D’un autre côté, il faut savoir rester prudent dans le maniement de l’Armaggedon. Tout d’abord, il y a bien eu un 11 novembre 1111, auquel la planète et l’humanité semblent avoir survécu. Et surtout, les prophètes de la fin du monde ne sont pas trop en veine ces derniers temps. Aucun de leurs calculs ne s’est avéré, au point que, cette année, plusieurs d’entre eux ont reçu conjointement l’IgNobel de mathématiques. L’IgNobel est une parodie de prix Nobel qui récompense des chercheurs mais aussi des personnes non savantes qui ont réalisé des travaux, des œuvres, des actions, improbables, ou dont on aurait carrément pu se passer. Jacques Chirac a ainsi reçu un IgNobel de la paix pour avoir décidé en 1995 la reprise des essais nucléaires français, l’année où le Japon commémorait le cinquantième anniversaire des bombardements atomiques de Hiroshima et Nagasaki (dont on s’étonne qu’ils ne se soient pas produits un 11).

Les Nostradamus modernes récompensés (pour certains à titre posthume) par cet IgNobel s’appellent :

  • Dorothy Martin, une Américaine qui, assurée d’être en contact avec des extraterrestres de la planète Clarion, avait annoncé que, pour faire le ménage dans la maison Terre, l’Etre suprême allait couler les continents existants et en faire jaillir de nouveaux du fond des océans en 1955 ;
  • Pat Robertson, un télévangéliste américain et ancien candidat à la primaire républicaine, qui avait pensé que 1982 ferait une bonne date pour le Jugement dernier (le même affirma plus tard que l’ouragan Katrina était une punition divine contre les avortements aux Etats-Unis ou que le séisme de 2010 à Haïti était une conséquence du pacte avec le diable passé par la population de ce pays pour se défaire des colonialistes français : il est plus facile de faire, a posteriori, une interprétation divine d’une catastrophe que de prédire cette dernière) ;
  • Elizabeth Clare Prophet (la plus ou moins bien nommée), qui avait prédit une guerre nucléaire entre les Etats-Unis et l’URSS dans les années 1980, guerre qui n’a apparemment pas eu lieu (plus de 2 000 de ses fidèles s’étaient néanmoins préparés à cette éventualité et rassemblés pendant des jours dans des abris anti-atomiques) ;
  • Lee Jang-rim, un pasteur sud-coréen qui annonça le retour de Jésus (et donc la fin des temps) pour le 28 octobre 1992, une prédiction qui poussa des centaines voire des milliers de personnes à quitter leurs emplois, vendre tous leurs biens… pour en faire don au pasteur qui termina son parcours sur la case prison ;
  • Credonia Mwerinde, une ancienne prostituée ougandaise devenue grande prêtresse du Mouvement pour la restauration des dix commandements de Dieu, qui expliqua aux membres de sa secte que ce monde s’arrêterait, tout comme les ordinateurs, avec le passage à l’an 2000 et disparut de la circulation avec l’argent des gogos dont plusieurs centaines  furent assassinés dans cette histoire ;
  • Harold Camping, un Américain spécialisé dans la relecture numérologique de la Bible, qui a donné plusieurs dates pour le rappel massif à Dieu de tous les bons chrétiens, mais s’est jusqu’ici toujours trompé dans ses comptes.

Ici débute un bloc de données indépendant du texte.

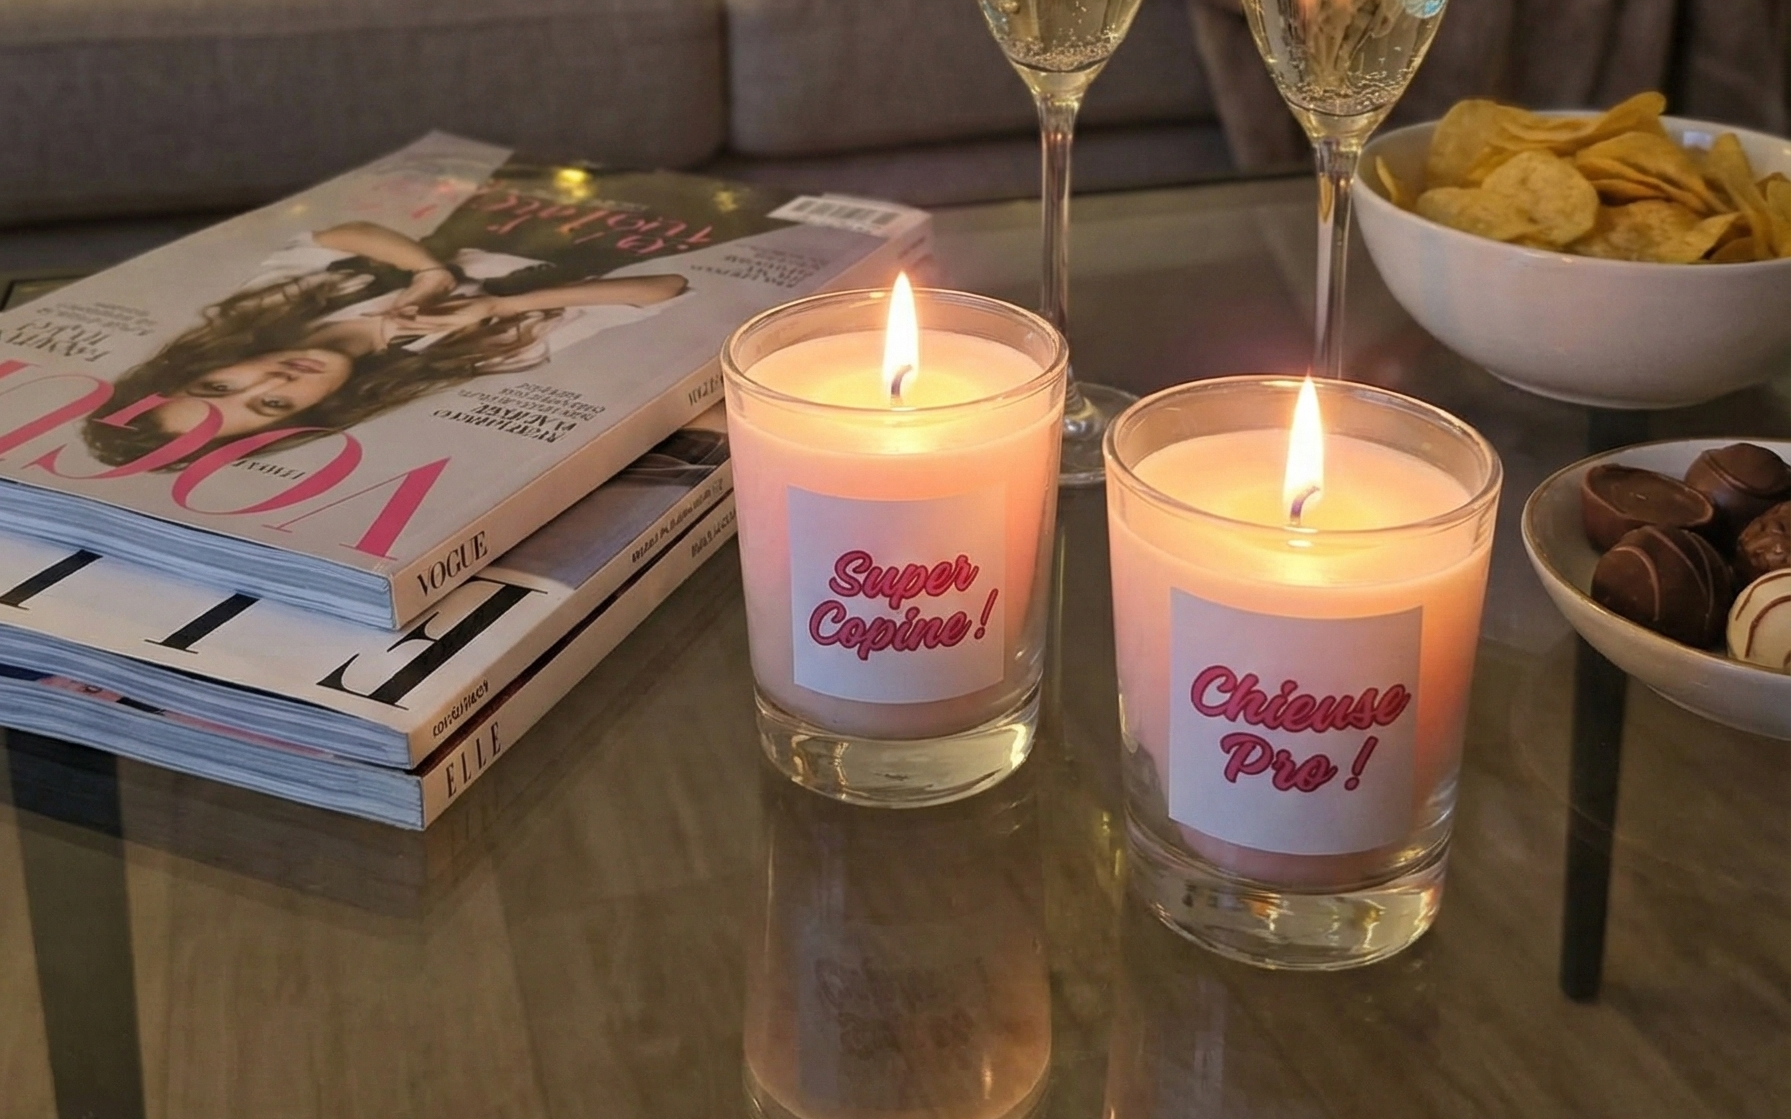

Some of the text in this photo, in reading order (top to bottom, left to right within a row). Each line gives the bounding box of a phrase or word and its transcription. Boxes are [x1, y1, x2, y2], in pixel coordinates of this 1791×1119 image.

[0, 359, 452, 561] VOGU
[416, 530, 489, 597] VOGUE
[828, 550, 979, 610] Super
[1190, 665, 1411, 733] Chieuse
[445, 721, 502, 799] ELLE

La liste retenue pour ces IgNobel n’est sans doute pas exhaustive. Si jamais nous survivons à ce 11/11/11, il y aura, l’année prochaine un 12/12/12 et aussi, quelques jours après, la fin supposée d’un cycle dans le calendrier maya, elle aussi associée à l’apocalypse. Dommage que, à l’exception de ce qui se pratique dans certaines entreprises, il n’existe pas de treizième mois. Avec toutes les superstitions qui entourent le nombre 13, la date du 13/13/13 aurait sans doute battu des records de bêtise.